Feature Losses for Adversarial Robustness

TL;DR

This paper introduces a novel defense method against adversarial attacks in deep learning by using feature-based autoencoders to denoise feature maps, improving robustness on MNIST and CIFAR10 datasets.

Contribution

The paper proposes a new defense technique employing feature map autoencoders trained on perceptual losses, which is resilient against certain adversarial attacks and can be integrated with existing CNNs.

Findings

Achieves near state-of-the-art defense performance on MNIST and CIFAR10.

Effective against simple and iterative LP attacks.

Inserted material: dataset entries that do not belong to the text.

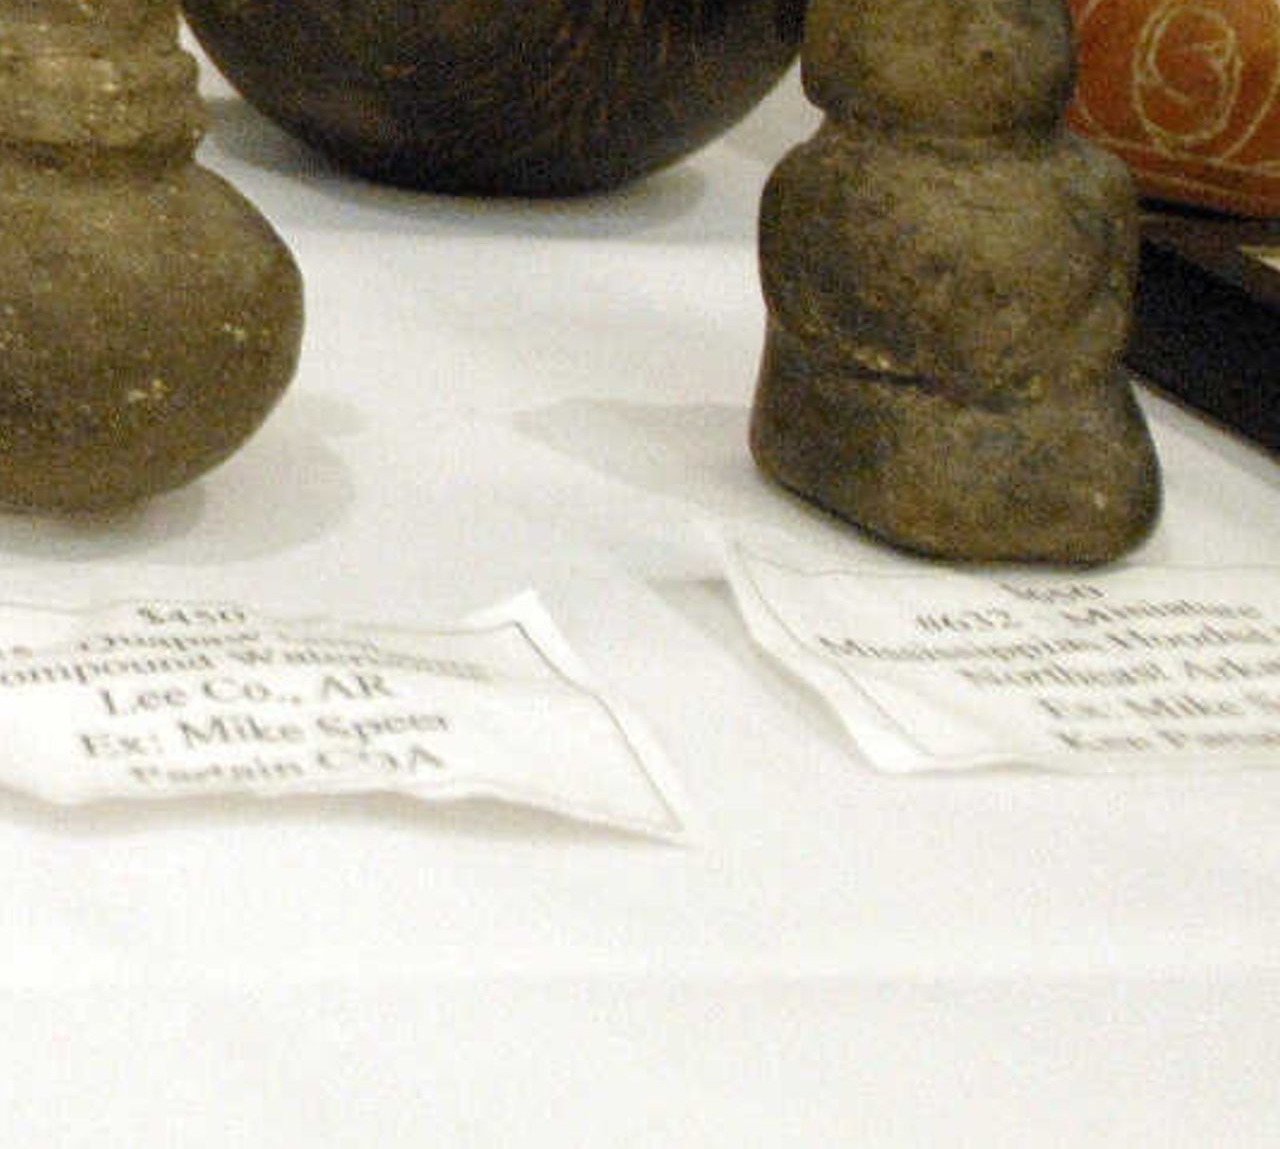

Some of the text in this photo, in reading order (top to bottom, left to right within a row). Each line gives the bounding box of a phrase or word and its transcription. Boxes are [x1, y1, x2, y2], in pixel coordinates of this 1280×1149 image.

[1060, 600, 1264, 626] Miniature
[954, 661, 1172, 688] Northeast
[97, 672, 396, 718] Lee Co., AR
[1122, 693, 1246, 720] Mike
[79, 729, 167, 759] Ex:
[177, 714, 305, 751] Mike
[128, 754, 305, 784] Partain
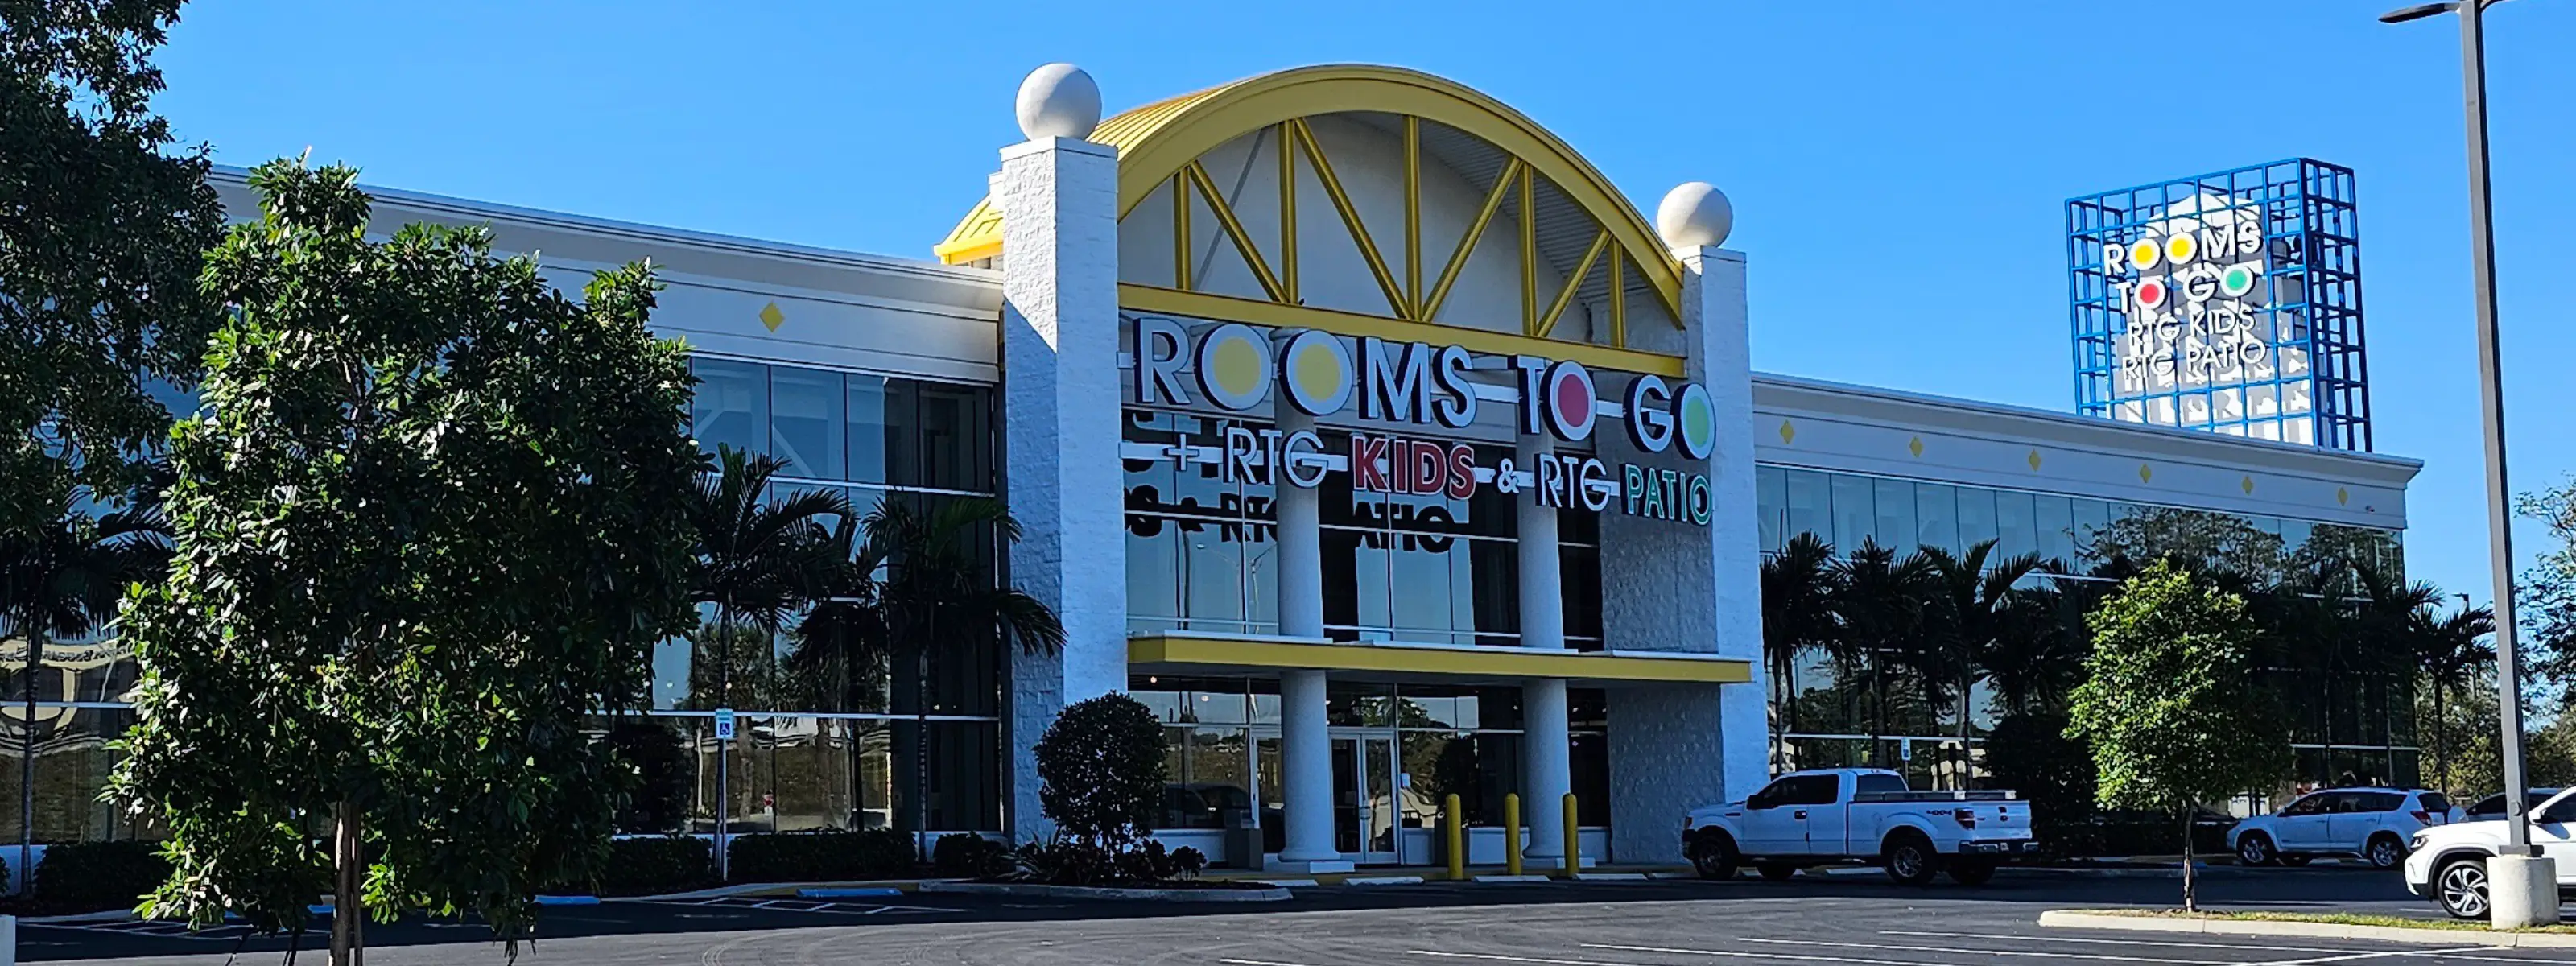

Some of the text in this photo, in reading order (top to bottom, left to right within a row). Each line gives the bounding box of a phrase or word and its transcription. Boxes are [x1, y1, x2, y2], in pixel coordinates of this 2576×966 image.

[2103, 221, 2261, 276] ROOMS
[2116, 263, 2254, 315] TO GO
[2128, 303, 2255, 345] RTG KIDS
[2122, 338, 2266, 382] RTG PATIO
[1134, 317, 1717, 460] ROOMS TO GO
[1223, 427, 1329, 488] RTG
[1352, 435, 1477, 501] KIDS
[1496, 457, 1520, 494] &
[1534, 453, 1610, 512] RTG
[1620, 463, 1713, 526] PATIO
[1352, 501, 1455, 554] ATIO
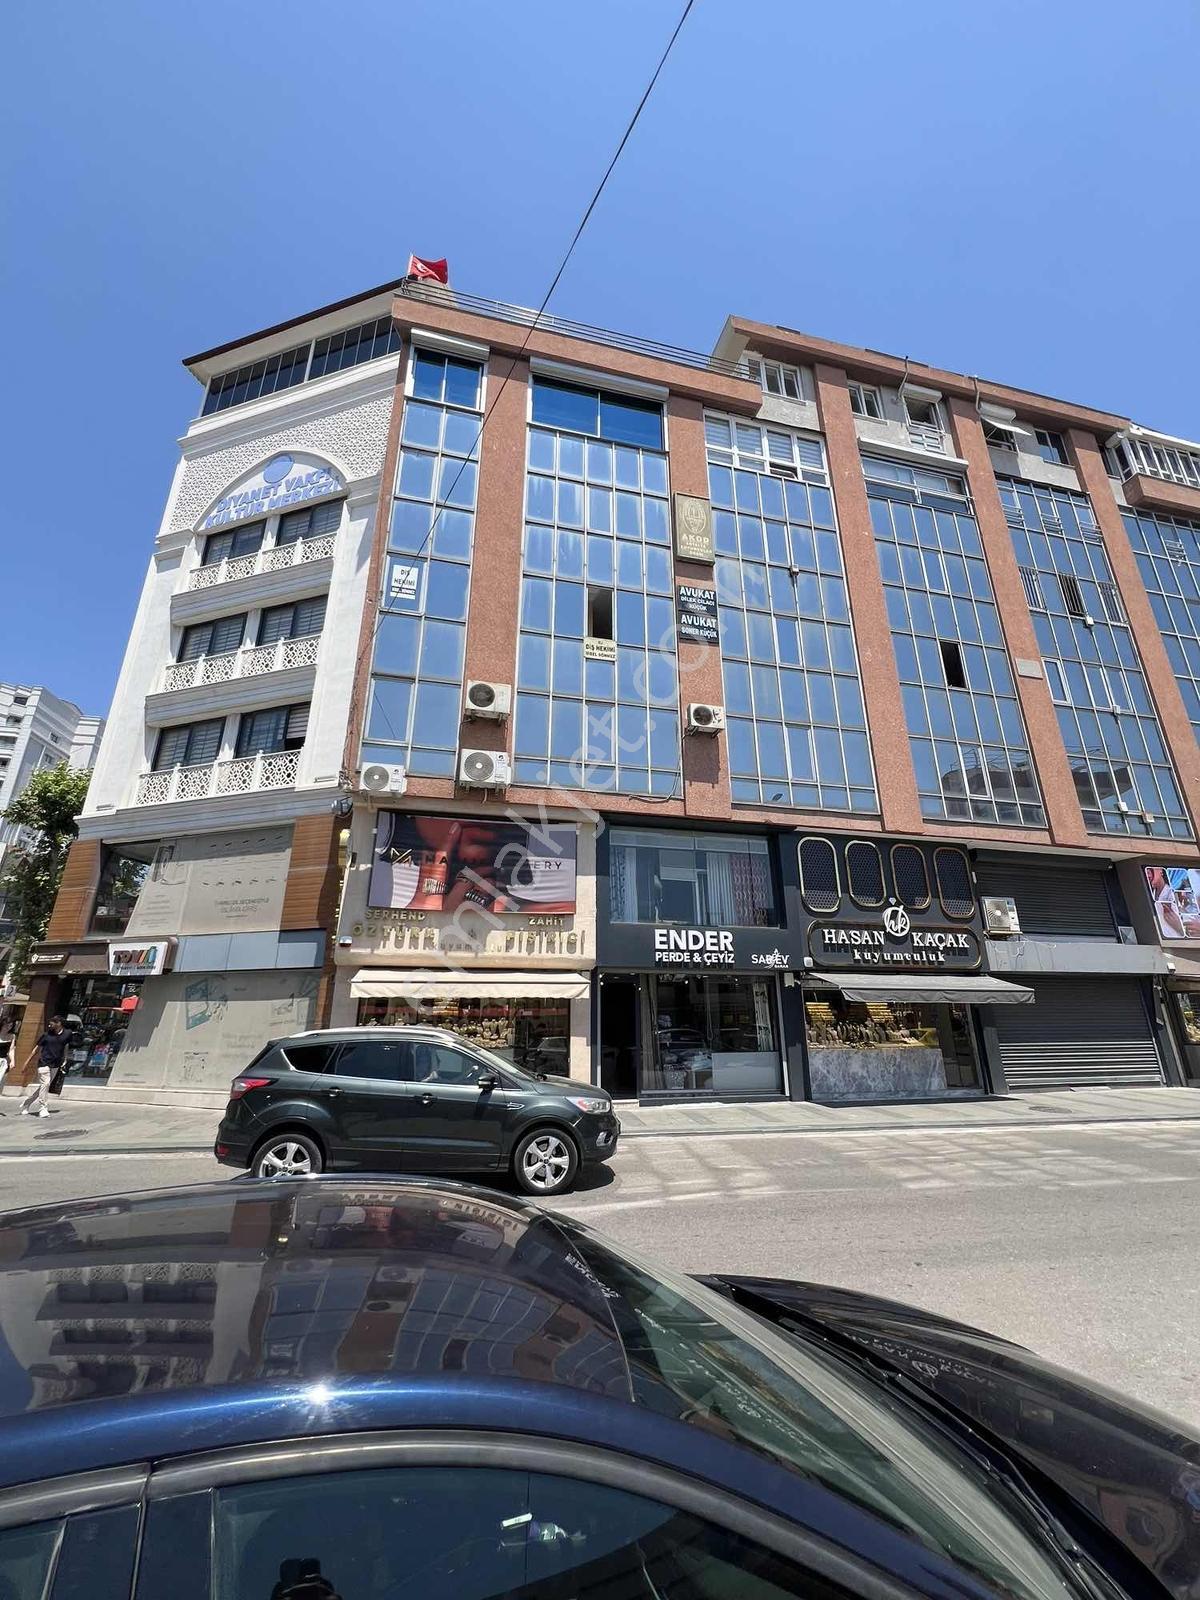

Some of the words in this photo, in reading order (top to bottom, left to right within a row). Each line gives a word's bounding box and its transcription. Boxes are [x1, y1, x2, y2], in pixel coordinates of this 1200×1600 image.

[680, 586, 715, 600] AVUKAT
[680, 614, 717, 629] AVUKAT
[699, 627, 718, 639] KÜÇÜK
[365, 909, 426, 921] SERHEND
[528, 916, 565, 929] ZAHİT
[654, 929, 735, 951] ENDER
[822, 929, 886, 945] HASAN
[911, 932, 970, 951] KAÇAK
[655, 952, 691, 963] PERDE
[692, 953, 702, 963] &
[704, 950, 735, 966] ÇEYİZ
[853, 949, 946, 963] kuyumculuk
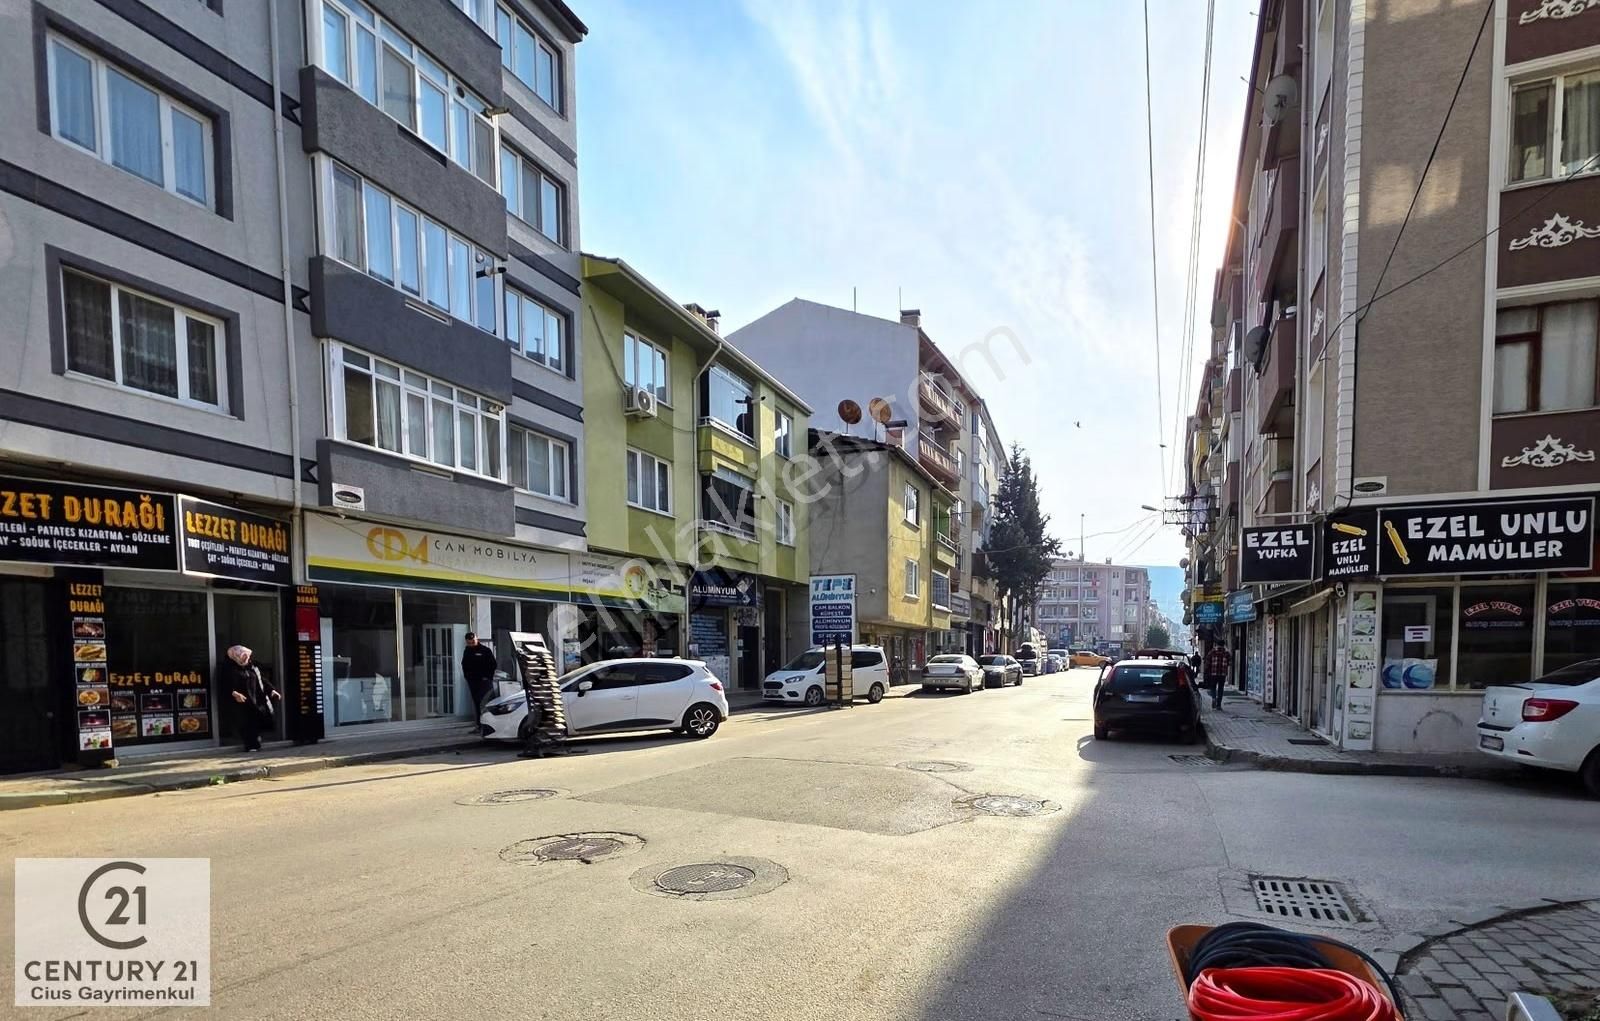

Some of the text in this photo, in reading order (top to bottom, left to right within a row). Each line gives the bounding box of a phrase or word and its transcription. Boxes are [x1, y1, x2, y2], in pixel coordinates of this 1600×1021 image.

Can be used as a preprocessing step for any CNN.

Abstract

Deep learning has made tremendous advances in computer vision tasks such as image classification. However, recent studies have shown that deep learning models are vulnerable to specifically crafted adversarial inputs that are quasi-imperceptible to humans. In this work, we propose a novel approach to defending adversarial attacks. We employ an input processing technique based on denoising autoencoders as a defense. It has been shown that the input perturbations grow and accumulate as noise in feature maps while propagating through a convolutional neural network (CNN). We exploit the noisy feature maps by using an additional subnetwork to extract image feature maps and train an auto-encoder on perceptual losses of these feature maps. This technique achieves close to state-of-the-art results on defending MNIST and CIFAR10 datasets, but more importantly, shows a new way of employing a defense that cannot be trivially trained end-to-end by the attacker. Empirical results demonstrate the effectiveness of this approach on the MNIST and CIFAR10 datasets on simple as well as iterative LP attacks. Our method can be applied as a preprocessing technique to any off the shelf CNN.